To which I say, absolutely! Please, continue to enjoy the Thing and your interpretation of it. Continue to create through the lens of that interpretation. Create what makes you happy, fandom however you want to. I am a big proponent of “fandom and let fandom.” What other people like and dislike makes very little difference to me, and I’m certainly not under any illusion that everyone must see things the way that I see them or else they are Doing it Wrong. Nor do I take it personally if someone doesn’t agree with my take. 
None of that is my point. My point is that it becomes an issue that splinters and fractures fandom spaces when criticism and discussion are discouraged, when long analysis posts are mocked, when threads are hijacked, when it gets to a point where disagreeing with someone’s take on a Thing cancels them - to you - as a person. Because you miss out. You miss out on discussion, and on engaging with creative fanworks, and widening your fandom circle.
Instead, the circle just narrows, and there’s an underlying sense of hostility that colors every interaction you have. And it makes it not fun for anyone.
People need to be more open to the idea that there is, in fact, a right and a wrong side to most arguments. They need to be willing to defend their argument in a way that holds up and, if they don’t want to defend their interpretation, that’s fine - more power to you - but they need to then stop making fun of and being generally shitty to those who disagree.
People need to stop pretending that analysis and critical thinking don’t matter. They need to stop pretending that “fiction” is this vague concept that has no bearing on the real world and shouldn’t be taken seriously. Fiction shapes our world, and art imitates life. Being unable to think critically about fiction indicates a larger issue of being unable to think critically about the things that do matter in the real world, like science and poltiics. 

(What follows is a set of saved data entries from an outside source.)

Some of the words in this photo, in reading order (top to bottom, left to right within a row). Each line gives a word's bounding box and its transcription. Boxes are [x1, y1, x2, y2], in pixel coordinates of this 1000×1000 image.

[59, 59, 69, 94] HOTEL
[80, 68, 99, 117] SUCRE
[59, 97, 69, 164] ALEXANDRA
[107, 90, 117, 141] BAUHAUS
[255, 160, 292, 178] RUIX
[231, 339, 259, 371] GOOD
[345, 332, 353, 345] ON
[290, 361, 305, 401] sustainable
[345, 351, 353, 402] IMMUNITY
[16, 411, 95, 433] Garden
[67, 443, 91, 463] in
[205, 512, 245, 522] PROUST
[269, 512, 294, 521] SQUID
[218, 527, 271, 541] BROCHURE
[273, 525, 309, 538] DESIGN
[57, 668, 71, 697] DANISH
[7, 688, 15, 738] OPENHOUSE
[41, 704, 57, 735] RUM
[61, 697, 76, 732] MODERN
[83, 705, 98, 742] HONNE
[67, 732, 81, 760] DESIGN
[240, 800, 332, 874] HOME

Just look at what this country has become. Each side believes it is the correct side, the “winning” side, but one of them is supported with verifiable facts and evidence and one isn’t, and when the one that isn’t is confronted with the fact that they are wrong, they either dismiss the argument entirely or go and find “alternative facts” from unreliable sources they can point to and say, see? A, B, C, D, and E may say I’m wrong, but F says I’m right, so fuck you.
I’m certainly not saying that fandom should be taken as seriously as politics, but I am saying that if people were more amenable to changing their minds or even just recognizing that criticism isn’t an attack and it’s not personal if someone dislikes a Thing that you feel passionate about - or vice versa - then maybe we’d have a better fandom space for all to enjoy. 

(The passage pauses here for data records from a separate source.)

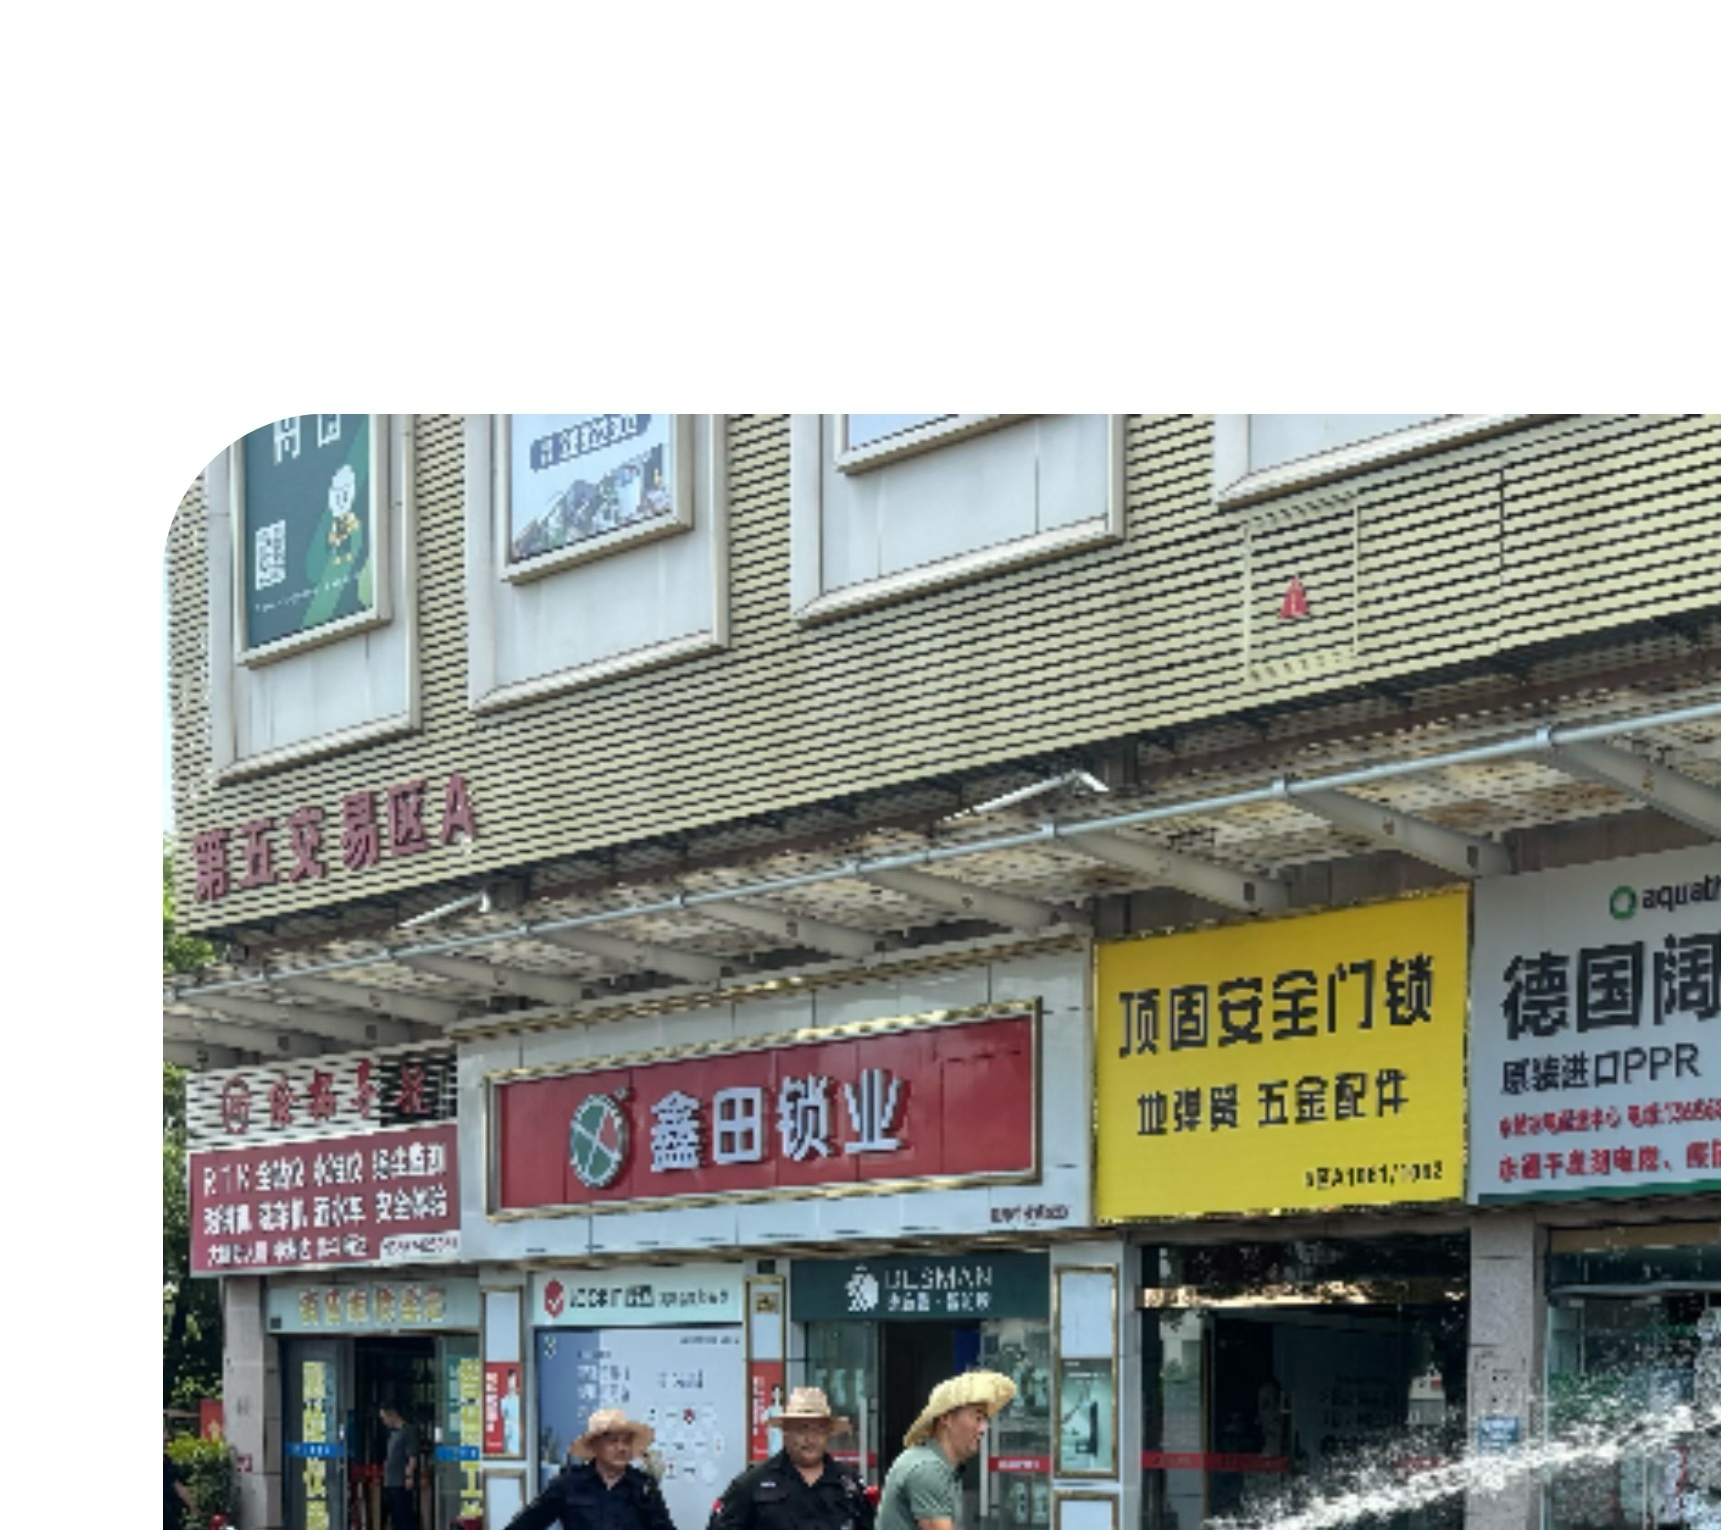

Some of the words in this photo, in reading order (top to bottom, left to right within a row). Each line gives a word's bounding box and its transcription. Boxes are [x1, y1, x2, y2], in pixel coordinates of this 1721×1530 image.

[193, 773, 475, 900] 第五交易区A
[1118, 952, 1435, 1058] 顶固安全门锁
[650, 1068, 902, 1174] 鑫田锁业
[1137, 1082, 1239, 1137] 地弹簧
[1257, 1067, 1409, 1128] 五金配件
[1501, 1043, 1701, 1096] 原装进口PPR

And I do try not to be a hypocrite. I am open to changing my mind on positions I’ve taken in fandom - if the analysis and the evidence convince me that there’s another way to look at it. If someone is telling me I’m wrong, and they tell me why it’s wrong (yes, in detail), then I’m more than happy to take a second look. Maybe it will change my mind; maybe it will simply be something I’m cognizant of while I continue to enjoy the material in the way that’s most fun for me. Either way, I’m not trying to hold fandom as a whole to any kind of standard I wouldn’t also expect myself to meet. 
That being said, this post is 90% me venting. Ironically, I don’t expect this to change anyone’s mind. I’m not saying there’s any one solution that will work for everybody or even that everyone sees a problem that needs solving. I’m just saying that I don’t enjoy fandom as much as I used to, and this particular pattern of "wank” (for lack of a better word) is the reason why.